Tras agotar funciones en marzo y abril, y con una nueva fecha programada para el 29 de junio, la expectativa era total. Sin embargo, la noche del miércoles tomó un rumbo inesperado cuando Fito anunció que tocaría de principio a fin «Novela», su último disco editado en 2025, a modo de «despedida pública» de ese material.
Casi una hora de música ininterrumpida y un repertorio de 25 canciones nuevas y complejas fueron suficientes para colmar la paciencia de los fanáticos que iban en busca de los clásicos.
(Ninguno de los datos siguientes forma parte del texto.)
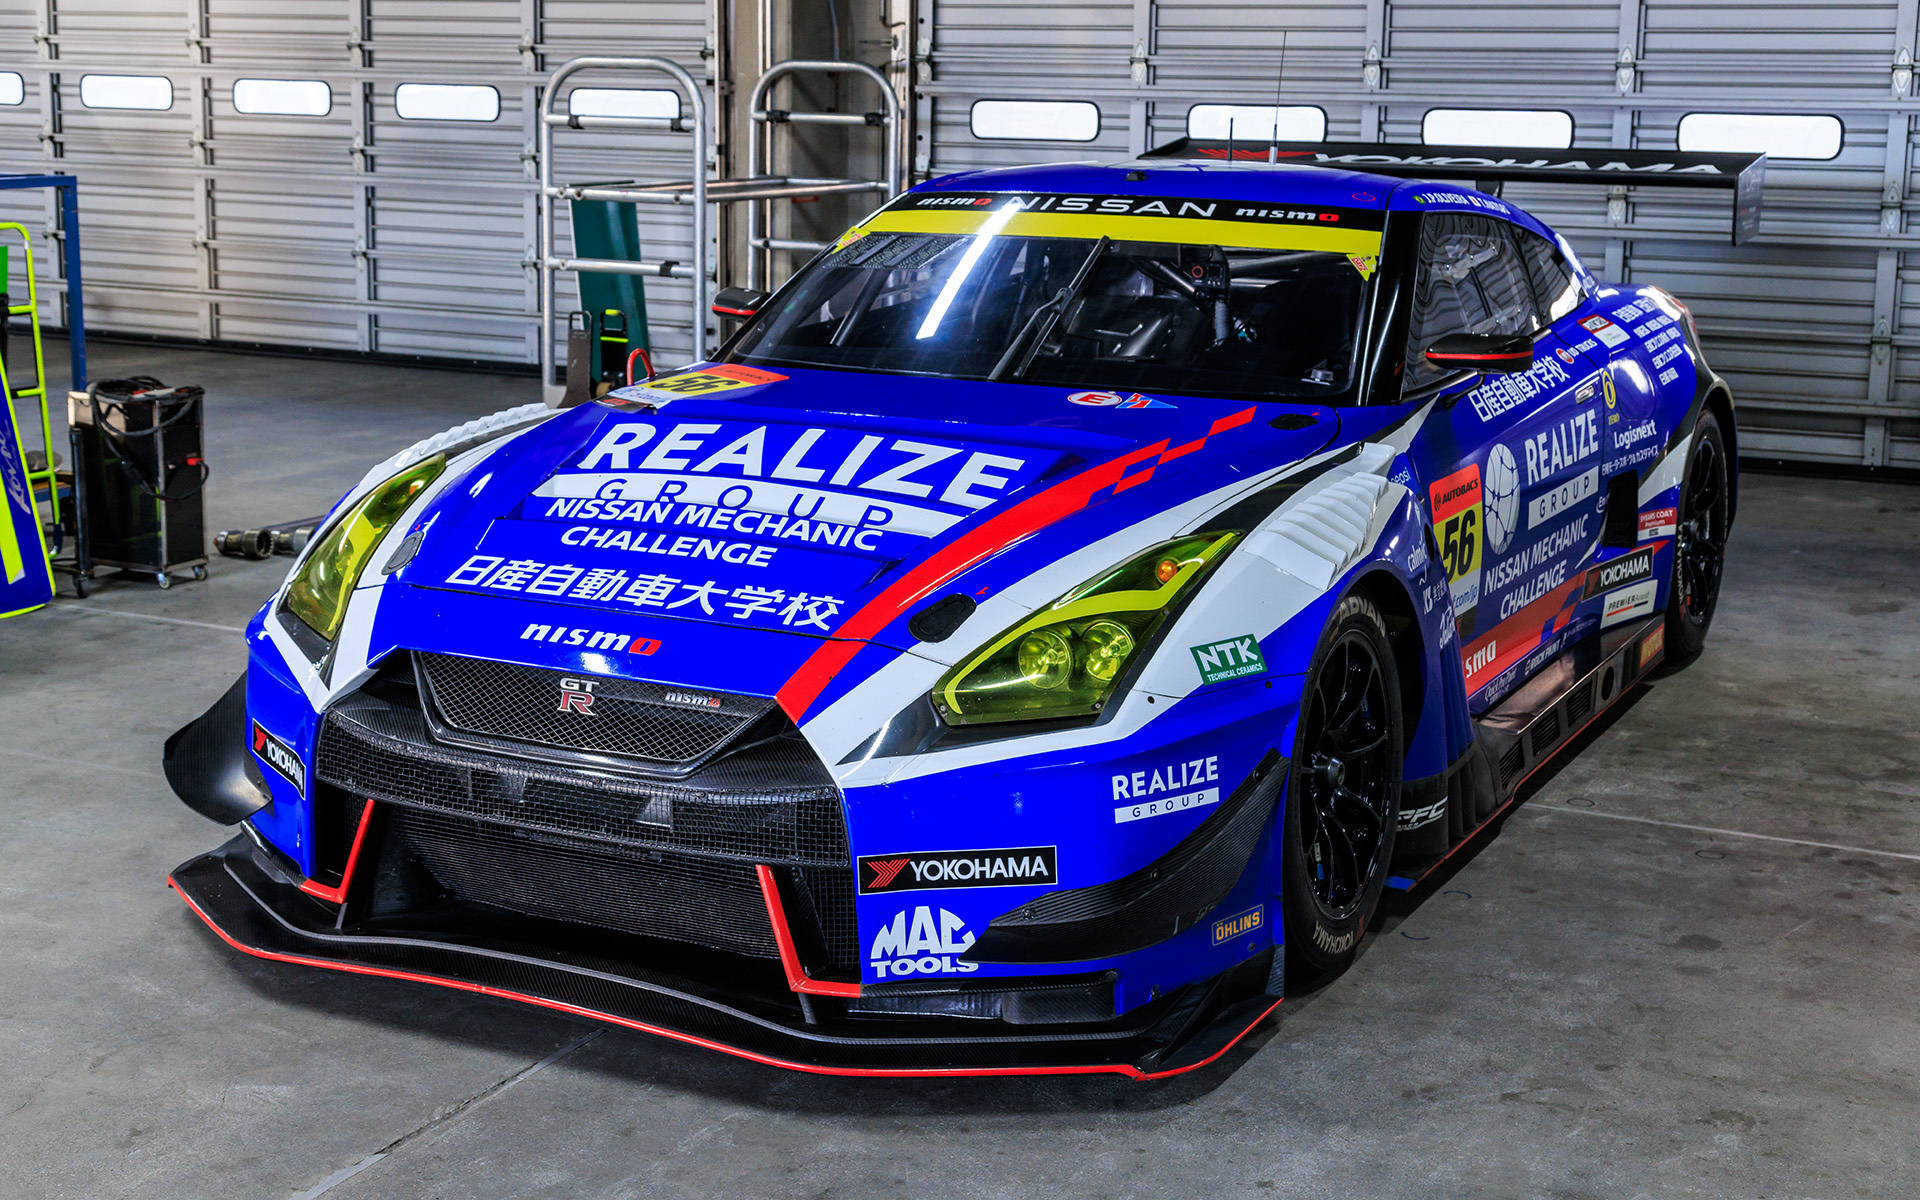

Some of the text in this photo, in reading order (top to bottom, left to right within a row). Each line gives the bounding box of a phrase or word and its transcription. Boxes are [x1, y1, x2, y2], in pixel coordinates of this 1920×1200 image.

Las redes sociales se transformaron inmediatamente en un termómetro del descontento y hubo comentarios como: «Vine a ver a Fito Páez. Se le ocurrió tocar Novela, una fumada que se le ocurrió de 25 canciones» o «hace 50 minutos que está tocando un disco nuevo que nadie conoce y que es lisérgico. La gente se quiere matar». Por supuesto, la contraofensiva de los fanáticos más fieles no tardó en llegar. Muchos salieron en defensa del rosarino, recordando que el espíritu de la gira había sido anunciado y que enojarse porque un artista defiende su obra reciente es, como mínimo, algo «insólito».
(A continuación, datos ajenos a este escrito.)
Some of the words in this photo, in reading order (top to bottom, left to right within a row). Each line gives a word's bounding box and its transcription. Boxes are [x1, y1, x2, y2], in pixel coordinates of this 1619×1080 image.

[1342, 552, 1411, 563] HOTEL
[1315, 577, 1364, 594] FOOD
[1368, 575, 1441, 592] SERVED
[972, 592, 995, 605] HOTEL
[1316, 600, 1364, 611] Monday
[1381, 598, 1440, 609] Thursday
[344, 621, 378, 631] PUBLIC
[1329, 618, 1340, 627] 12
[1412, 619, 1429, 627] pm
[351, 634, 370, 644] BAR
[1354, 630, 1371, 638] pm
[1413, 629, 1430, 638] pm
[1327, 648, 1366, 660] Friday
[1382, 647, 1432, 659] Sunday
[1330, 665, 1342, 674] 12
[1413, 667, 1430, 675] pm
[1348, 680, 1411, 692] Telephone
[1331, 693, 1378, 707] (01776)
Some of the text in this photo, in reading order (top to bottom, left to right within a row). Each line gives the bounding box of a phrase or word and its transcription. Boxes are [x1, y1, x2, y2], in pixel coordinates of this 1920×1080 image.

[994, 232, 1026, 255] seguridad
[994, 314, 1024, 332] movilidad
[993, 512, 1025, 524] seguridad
La verdadera explosión de la noche llegó en la segunda mitad del show. Cumplido su objetivo de presentar el disco conceptual, Páez dio paso a la artillería pesada de sus himnos eternos: «11 y 6», «Mariposa Tecknicolor», «A rodar mi vida», «Brillante sobre el mic» y «El amor después del amor». Fue justo antes de arrancar con los clásicos cuando el músico, lejos de achicarse por los abucheos previos, recogió el guante y lanzó un dardo letal desde el escenario: «¿Silbaban muchísimo? ¡Ahora canten!».